Yes, I have a BA in English with a concentration in professional writing and an MFA in creative writing with a concentration in poetry. I loved the knowledge and writing practice I gained from both degrees. The years to focus on consistently making art for critique and forming community were priceless, too.
The cost was the only part I didn’t enjoy: even though I had academic scholarships and contributions from my parents and I worked part-time jobs during my education, I was still paying off lots of student loans for years on both degrees, which is a familiar story for many of the creative artists I know.
Have you done jobs that were unconnected to your creative work?

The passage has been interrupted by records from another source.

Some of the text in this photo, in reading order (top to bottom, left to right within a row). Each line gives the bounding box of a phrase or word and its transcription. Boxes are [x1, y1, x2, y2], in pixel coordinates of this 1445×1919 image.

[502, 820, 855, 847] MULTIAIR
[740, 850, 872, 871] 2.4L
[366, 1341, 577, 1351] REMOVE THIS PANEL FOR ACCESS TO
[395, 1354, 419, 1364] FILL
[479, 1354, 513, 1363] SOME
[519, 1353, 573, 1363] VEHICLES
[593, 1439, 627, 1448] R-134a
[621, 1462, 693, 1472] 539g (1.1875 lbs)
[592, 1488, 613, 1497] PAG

Like most writers and artists I know, I’ve had a variety of jobs over the years, including an early gig as a choir-music librarian. I worked in an attic-garret office, mostly on my own, alphabetising and cataloguing boxes of sheet music. It was a self-paced, methodical, time-to-think kind of job that replenished my introverted self. I took classes and had time to write before or after work.
Most of my other jobs were in various subjects and levels of education, such as teaching English as a Second Language (ESL) at summer camps.

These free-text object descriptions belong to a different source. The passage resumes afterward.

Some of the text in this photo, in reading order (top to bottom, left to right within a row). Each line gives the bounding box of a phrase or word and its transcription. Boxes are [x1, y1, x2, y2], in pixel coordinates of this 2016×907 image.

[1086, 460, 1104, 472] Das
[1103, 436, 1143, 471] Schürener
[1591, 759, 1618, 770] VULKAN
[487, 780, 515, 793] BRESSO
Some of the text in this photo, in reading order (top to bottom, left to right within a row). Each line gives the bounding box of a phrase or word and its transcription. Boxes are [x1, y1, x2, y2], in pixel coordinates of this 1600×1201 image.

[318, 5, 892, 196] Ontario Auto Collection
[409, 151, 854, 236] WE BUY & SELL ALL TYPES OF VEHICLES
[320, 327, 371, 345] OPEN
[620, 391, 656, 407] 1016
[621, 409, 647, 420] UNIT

You’ve recently published a trio of books on writing and publishing, all with Vine Leaves Press. Two are for writing teachers – Writing It Real: Creating an Online Creative-Writing Class for Fun and Profit, Writing It Real: Crafting a Reference Book that Sells. The other is From Promising to Published: A Multi-Genre, Insider’s Guide to the Publication Process , which has just been released. Why those books, and why now?
I wrote them to share what I have learned and to encourage fellow writers. For all writers and teachers, myself included, rejection is a realistic and discouraging part of the vocation, so if I can provide kind words and insights to keep other writers going, that is fulfilling.

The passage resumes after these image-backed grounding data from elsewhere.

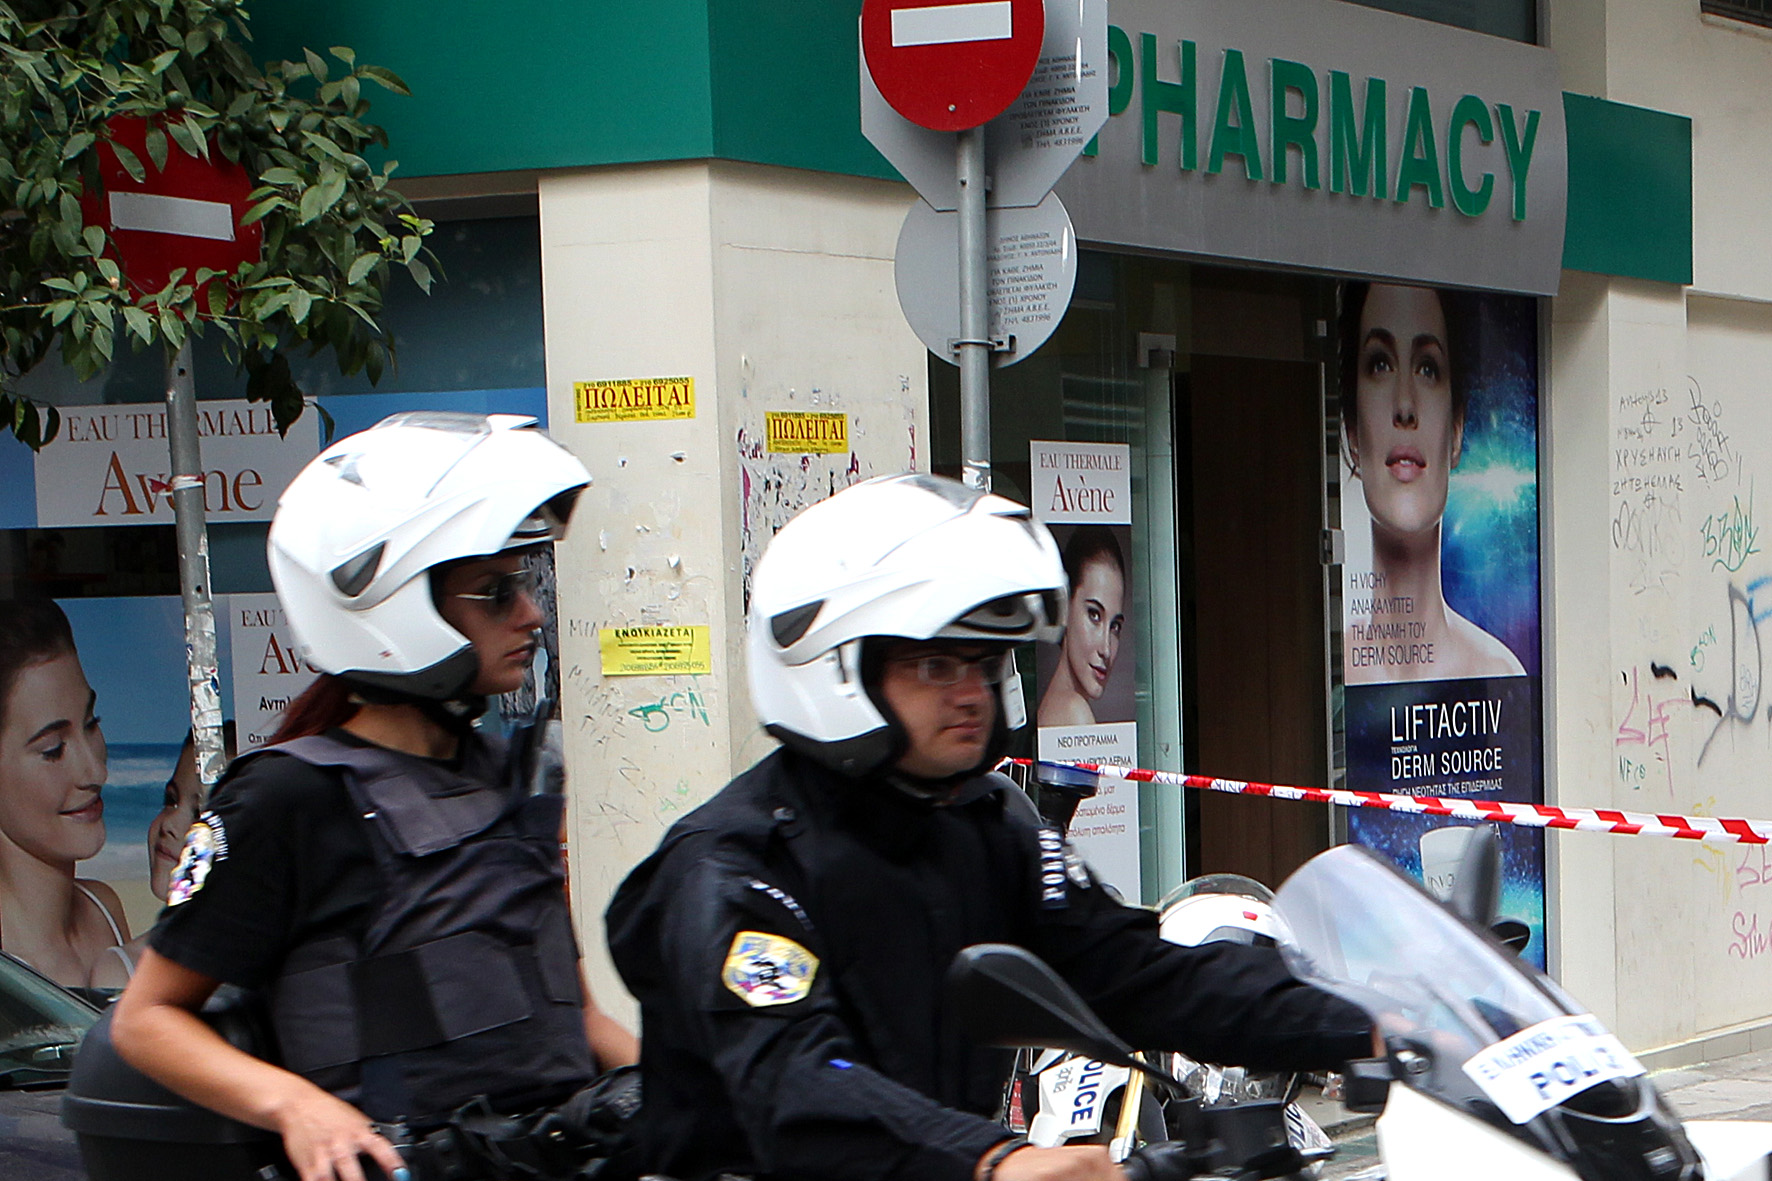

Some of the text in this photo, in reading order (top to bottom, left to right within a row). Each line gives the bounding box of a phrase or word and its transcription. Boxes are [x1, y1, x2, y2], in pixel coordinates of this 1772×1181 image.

[1081, 23, 1542, 222] PHARMACY
[584, 384, 691, 409] ΠΩΛΕΙΤΑΙ
[68, 408, 280, 442] EAU THMALE
[772, 418, 845, 440] ΠΩΛΕΙΤΑΙ
[1040, 453, 1123, 471] EAU THERMALE
[92, 450, 264, 516] Avne
[1051, 473, 1115, 513] Avène
[1360, 571, 1387, 589] VICHY
[1350, 597, 1414, 615] ΑΝΑΚΑΛΥΠΤΕΙ
[241, 610, 276, 627] EAU
[1351, 622, 1427, 641] ΤΗ ΔΥΝΑΜΗ ΤΟΥ
[1352, 643, 1435, 667] DERM SOURCE
[1391, 699, 1502, 742] LIFTACTIV
[1057, 734, 1119, 748] ΝΕΟ ΠΡΟΓΡΑΜΜΑ
[1391, 747, 1503, 780] DERM SOURCE
[1070, 1059, 1105, 1125] OLICE

Plus, the reflections were meaningful to write. I aimed to bring something personal to each topic as well as something that might inspire readers to apply the knowledge. I wrote the second and third books during the early days of quarantine, so the writing became a positive and wonderful escape in the grip of much confusion.
You’ve also written craft books on poetry and flash fiction, also from Vine Leaves Press. How did they come about?
For years, I had nudges of encouragement from students who’d suggest I should write craft books, but I didn’t feel confident about it. I remember sitting down to write what I thought would be a craft article to submit to a literary journal, and realised, Hmm, this might be something longer. I saved the file, worked on shorter projects, and then a week or two later, more and more ideas for a flash fiction craft book occurred to me.
Is there a common mistake writers make with these forms?
They send work to one or two editors or markets and, after rejection, think it’s unpublishable. But it’s very common to get persistent rejections before a yes; some of my favourite published work received eight, 10, 20 or more rejections. I encourage writers to keep submitting rejected work while writing new projects.
Also, taking classes and getting feedback from other writers or beta readers builds a community and gives writers more tools to revisit pieces with new skills that enliven and strengthen the work.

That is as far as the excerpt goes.